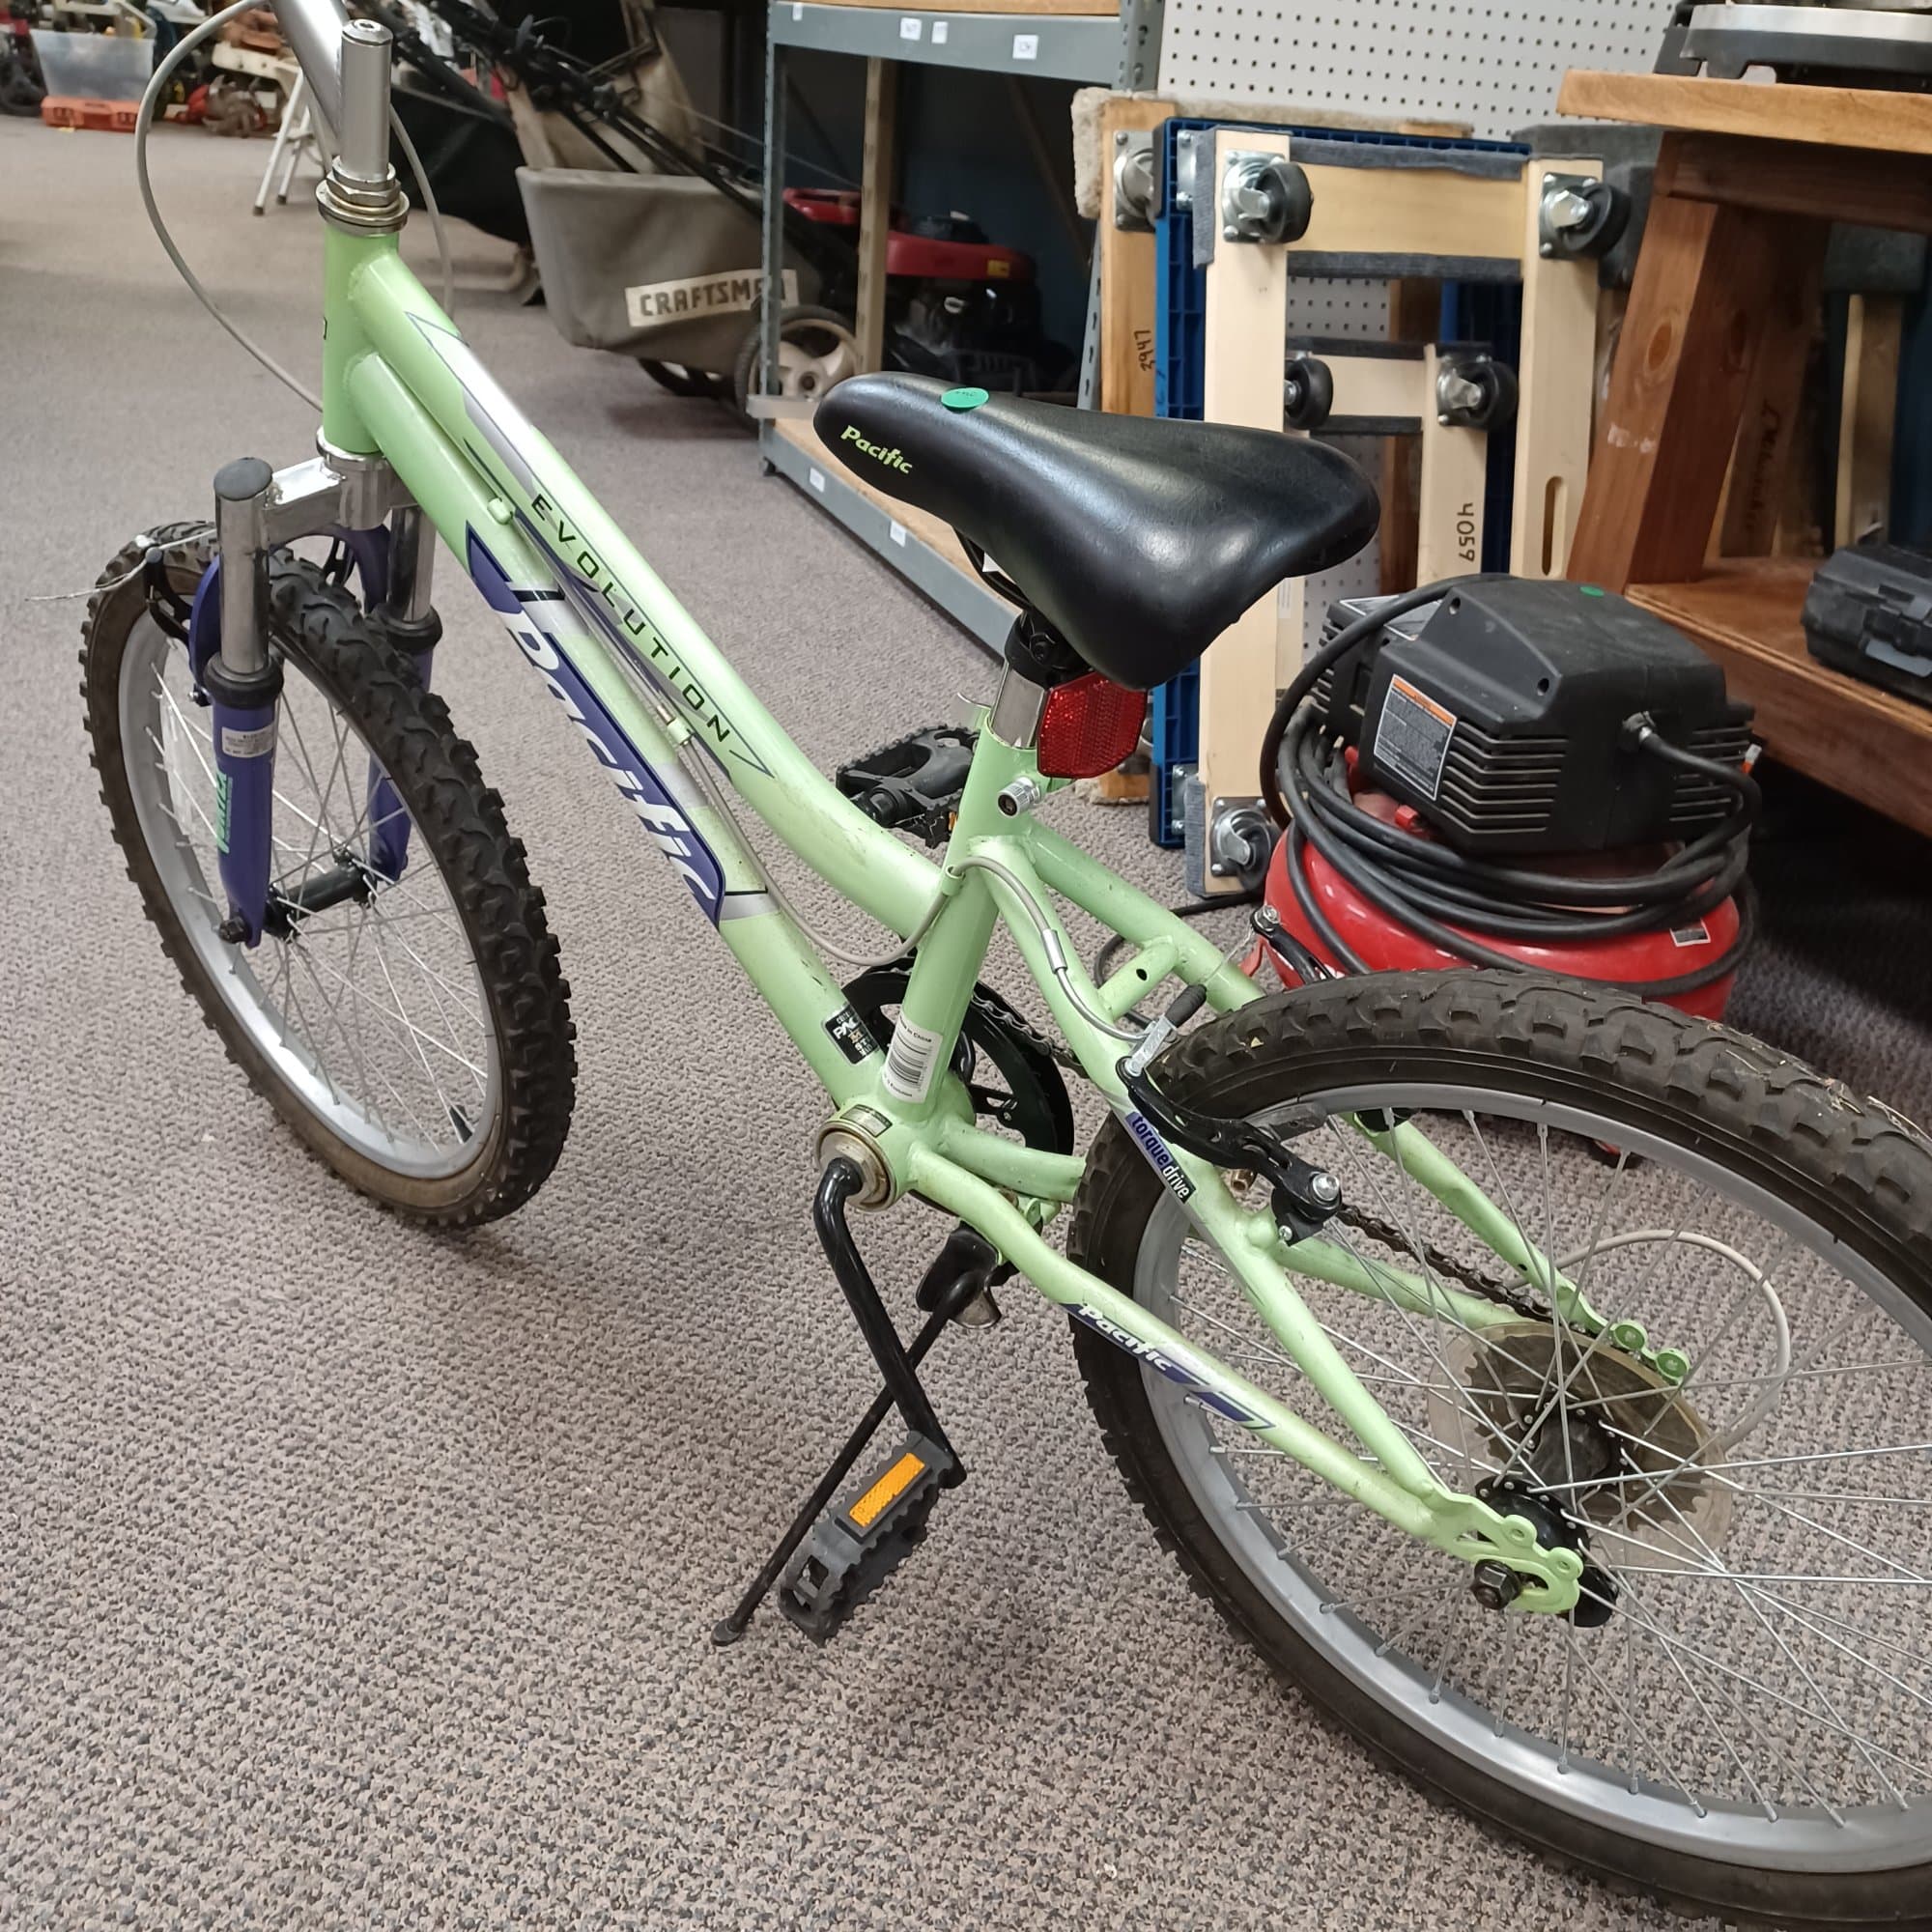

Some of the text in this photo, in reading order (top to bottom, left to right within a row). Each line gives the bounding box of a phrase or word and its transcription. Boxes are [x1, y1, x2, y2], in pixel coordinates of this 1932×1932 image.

[639, 277, 785, 317] CRAFTSM
[840, 424, 913, 474] Pacific
[1457, 502, 1475, 563] 4059
[531, 494, 730, 743] EVOLUTION
[1078, 1304, 1172, 1372] Pacific

--- --- ---

#### THE PROBLEM
Would you please give the material above again, unchanged but without pictures?

#### ANSWER SECTION
Some of the text in this photo, in reading order (top to bottom, left to right within a row). Each line gives the bounding box of a phrase or word and its transcription. Boxes are [x1, y1, x2, y2], in pixel coordinates of this 1932×1932 image.

[639, 277, 785, 317] CRAFTSM
[840, 424, 913, 474] Pacific
[1457, 502, 1475, 563] 4059
[531, 494, 730, 743] EVOLUTION
[1078, 1304, 1172, 1372] Pacific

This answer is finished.